Brown co-founded Circle DE Pacific, a wood-chipping operation, located on the Kenai Peninsula in Alaska. Circle DE Pacific’s principal client was Mitsui Corporation, a Japanese Corporation with offices in Seattle, Washington. Mitsui bought wood chips and then sold them to Japanese paper producers. Brown sold his wood chips “green”, freshly chipped and still containing moisture, but priced them without moisture, or in “bone dry units” (“BDU”). In order to calculate the BDU of the “green” wood chips, Brown operated a laboratory in which small samples of the green chips were dried, and their weights were compared before and after drying. That calculation yielded the moisture percentage, which was then multiplied against the incoming green weight to yield the weight in BDUs.
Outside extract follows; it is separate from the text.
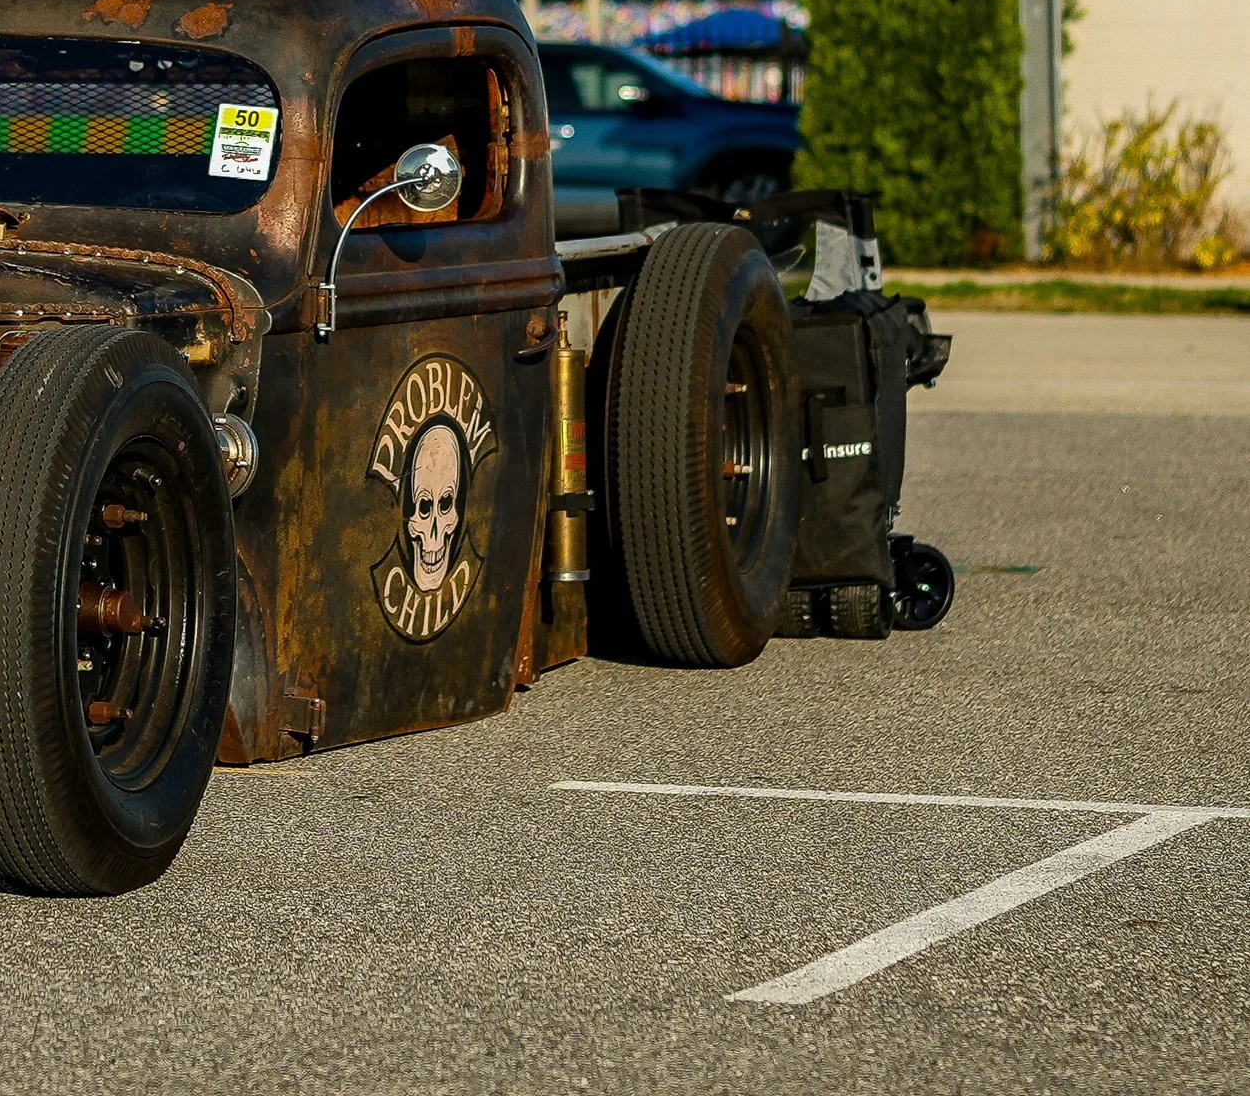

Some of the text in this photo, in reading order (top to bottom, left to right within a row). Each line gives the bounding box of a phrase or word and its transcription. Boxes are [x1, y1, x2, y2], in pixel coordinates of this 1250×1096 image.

The BDU calculation was also applied to incoming chips, which Brown obtained from both self-generated and outside sources. Brown paid some outside suppliers by “green” weight and others by BDU. As with chips sold to Mitsui, Brown’s laboratory sampled chips from each truck load, determined the moisture content, and cal-[869]*869eulated the number of BDUs per truck, when his contract with that provider called for BDU measurement. The laboratory also performed chip classification measurements on each incoming load. Chip classification determines the quality and price of the chip. Chip quality was particularly important to Mitsui, and as a result, the contract detailed standards for sampling chips and measuring their classification.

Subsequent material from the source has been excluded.